O número de casos de covid-19 em Manaus voltou a crescer no final do ano passado e o sequenciamento do genoma de vírus amostrados entre novembro de 2020 e janeiro de 2021 revelou o surgimento e a circulação de uma nova e preocupante linhagem do vírus sars-cov-2, que causa a doença. “O objetivo geral da pesquisa é entender como aconteceu a dispersão inicial da P.1 e a maneira que essa variante foi transmitida durante a segunda onda da epidemia de covid-19 em Manaus”, conta a professora Ester Sabino, do IMT e da FMUSP, uma das autoras do artigo.
As análises genéticas da linhagem P.1 feitas pelos pesquisadores mostraram que a variante do vírus adquiriu 17 mutações, três delas (K417T, E484K e N501Y) associadas ao aumento da ligação ao receptor ACE2 nas células humanas. “Essas três mutações já foram identificadas em outras variantes de preocupação”, aponta Ester. “Os cientistas já sabem que elas são importantes para que o vírus possa escapar dos anticorpos neutralizantes e aumente a afinidade com o receptor, que acaba servindo como porta de entrada para o vírus nas células.”
Surgimento da P.1
Durante a pesquisa, os cientistas utilizaram a técnica de relógio molecular, que usa as diferenças genéticas entre as linhagens do vírus para calcular quando surgiram as variantes. “O relógio molecular ajuda a dizer quando a P.1 apareceu, ou seja, quando foi introduzida e quando começou a se expandir”, explica a professora. “Aparentemente, a P.1 emergiu em meados de novembro de 2020, sendo precedida por um período de evolução molecular mais rápida.”

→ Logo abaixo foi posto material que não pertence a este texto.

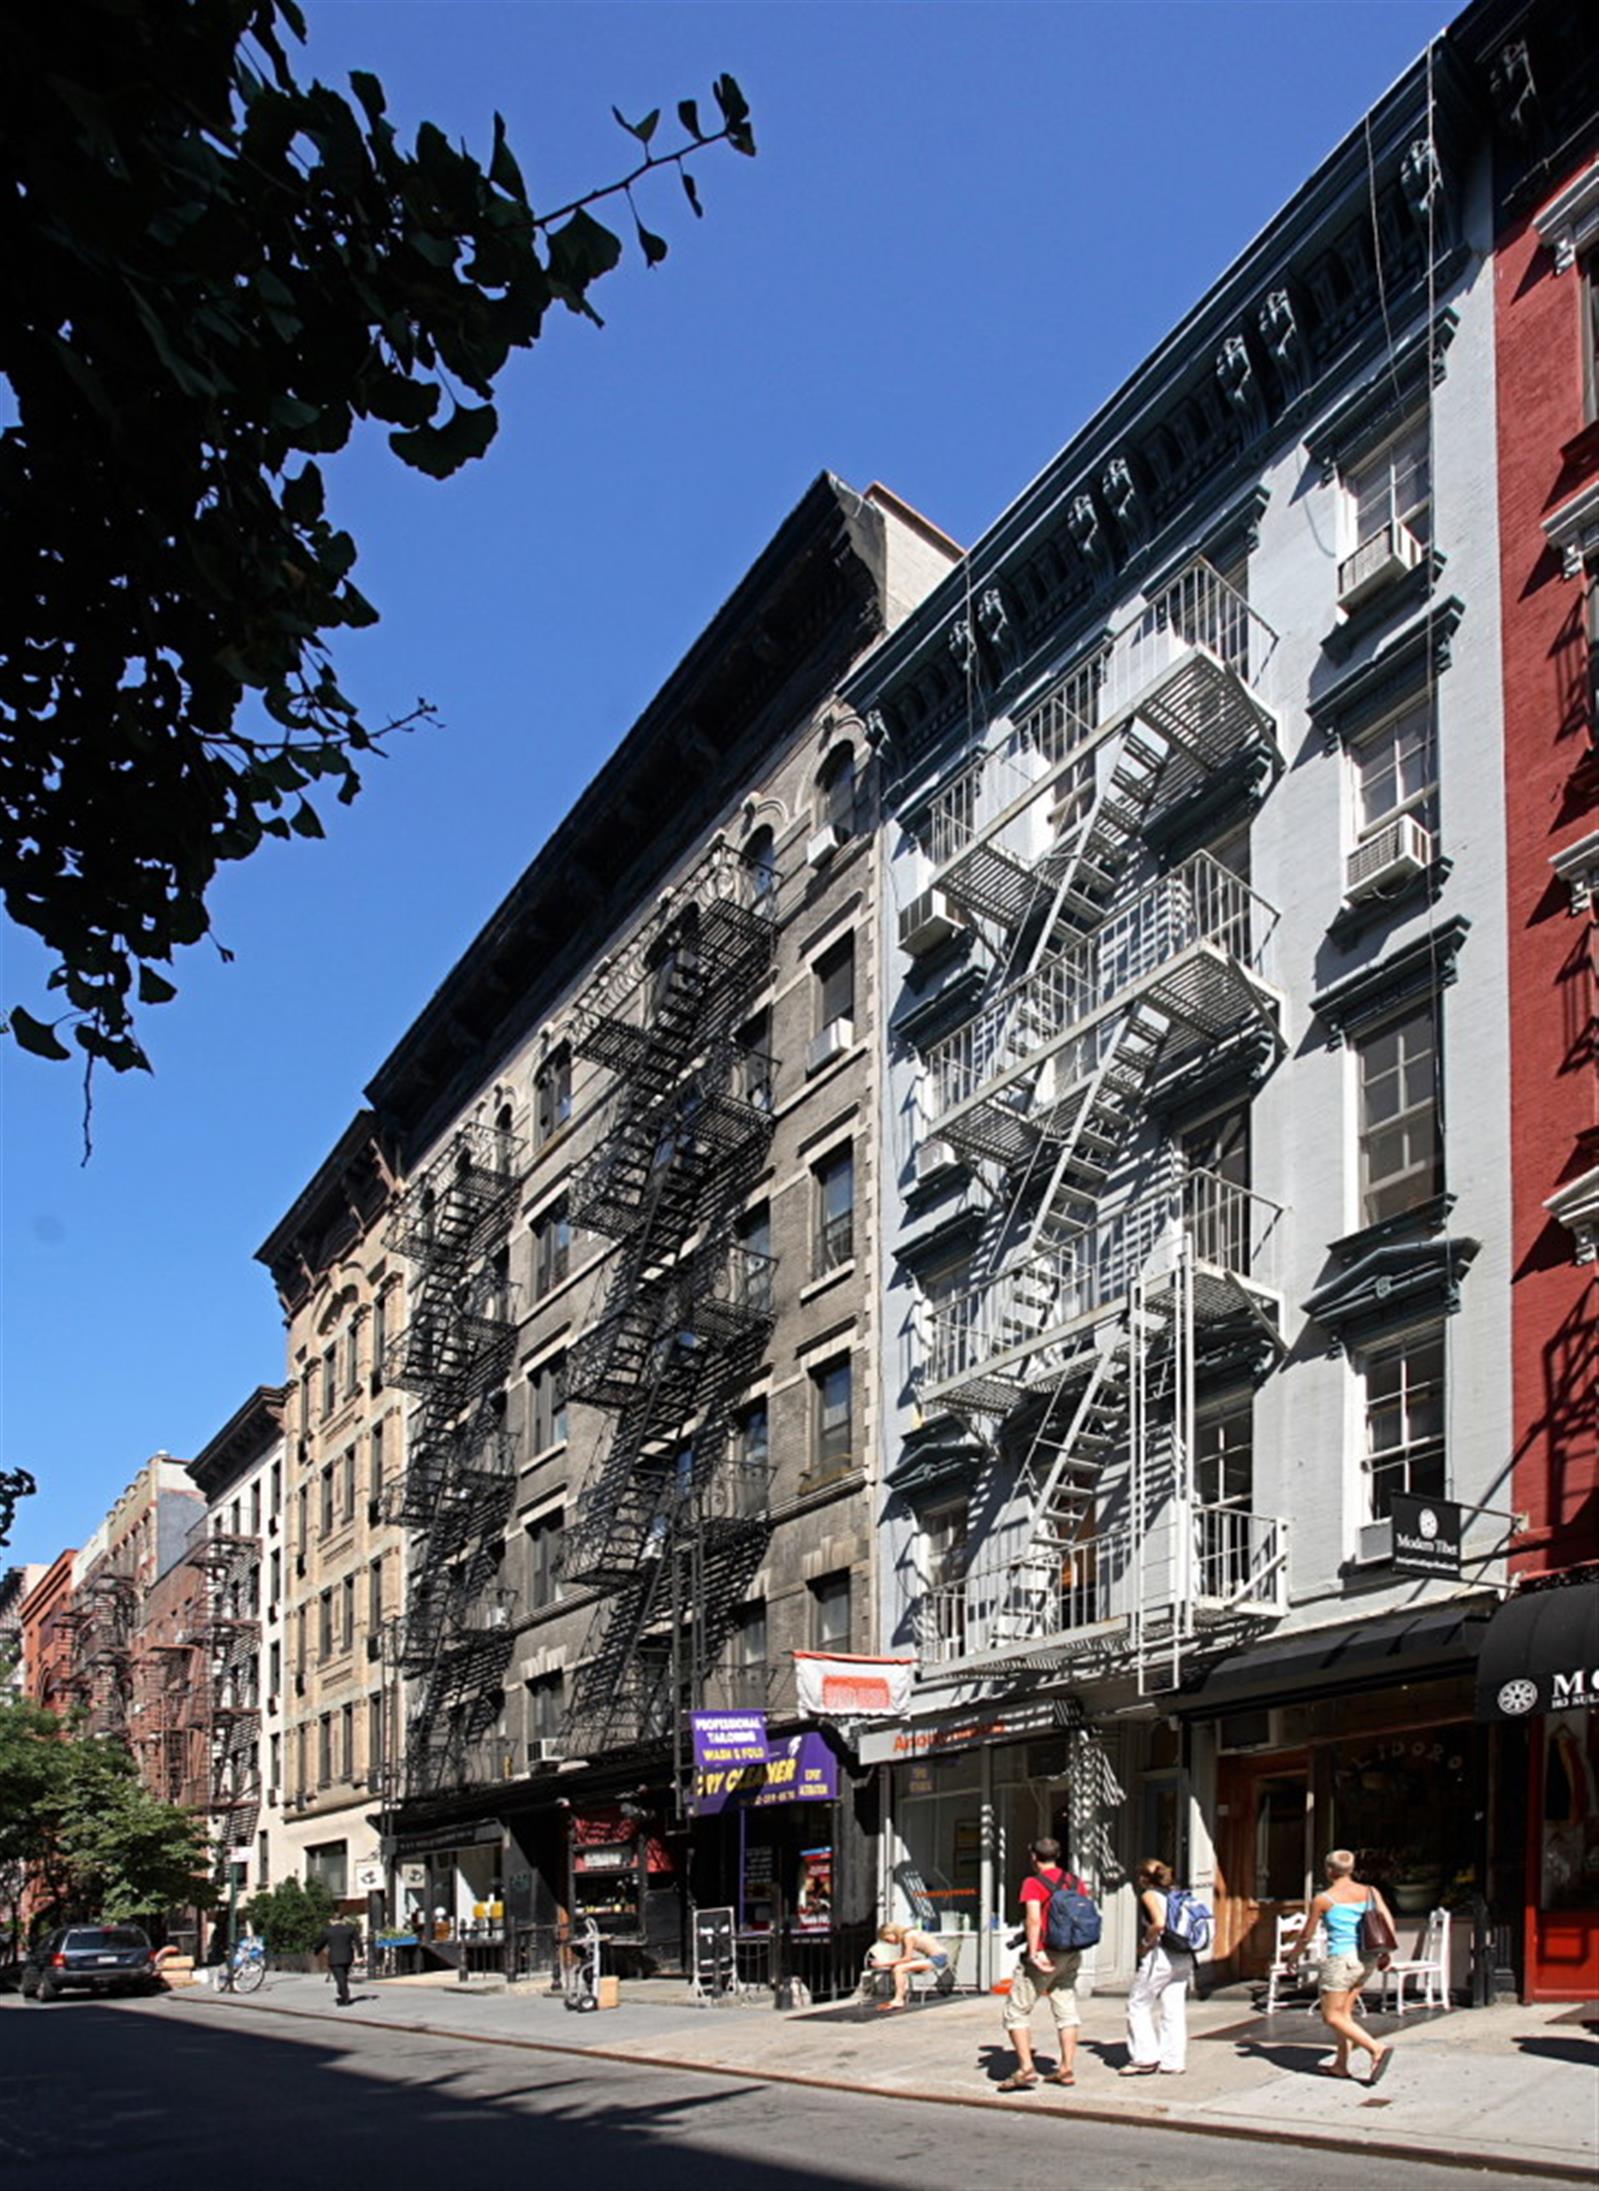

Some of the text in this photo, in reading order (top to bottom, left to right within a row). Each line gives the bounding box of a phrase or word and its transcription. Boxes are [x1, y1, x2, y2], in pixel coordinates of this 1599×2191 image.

[695, 1717, 761, 1731] PROFESSIONAL
[707, 1731, 756, 1744] TAILORING
[703, 1749, 732, 1761] WASH

Segundo Ester, “a transmissibilidade da linhagem P.1 foi medida pela taxa de crescimento do vírus em relação às outras variantes”. Por meio de um modelo que integra dados genéticos e de mortalidade, a pesquisa estimou que a P.1 pode ser de 1,7 a 2,4 vezes mais transmissível. Também foi calculado que a infecção por outras linhagens adquirida anteriormente fornece de 54% a 79% de proteção contra a P.1, em comparação com a infecção pelas demais variantes. “A proteção é um modelo matemático que tenta entender tudo ao mesmo tempo, a proteção, a gravidade e a transmissibilidade, e todos esses fatores precisarão ser medidos diretamente com o prosseguimento dos estudos.”

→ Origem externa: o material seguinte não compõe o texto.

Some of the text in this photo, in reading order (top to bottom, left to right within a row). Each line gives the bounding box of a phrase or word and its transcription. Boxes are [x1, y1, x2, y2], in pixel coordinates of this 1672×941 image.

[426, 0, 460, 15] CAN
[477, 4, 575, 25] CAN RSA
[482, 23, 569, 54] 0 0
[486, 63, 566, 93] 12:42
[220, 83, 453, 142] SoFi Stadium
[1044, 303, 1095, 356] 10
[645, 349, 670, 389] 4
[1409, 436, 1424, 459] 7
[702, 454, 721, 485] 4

A professora destaca que os resultados da pesquisa reforçam o papel da vigilância genômica como forma de aumentar a capacidade de resposta à pandemia. “A vigilância serve para entender como a nova linhagem está se comportando, permitindo fazer mais prognósticos e proporcionar uma melhor compreensão do que está acontecendo”, conclui. O estudo, descrito no artigo Genomics and epidemiology of the P.1 SARS-CoV-2 lineage in Manaus, Brazil, publicado no site da revista Science em 14 de abril, é resultado do trabalho conjunto de pesquisadores brasileiros, dos Estados Unidos e Europa, sob coordenação do Centro Brasil-Reino Unido de Descoberta, Diagnóstico, Genômica e Epidemiologia de Arbovírus (CADDE).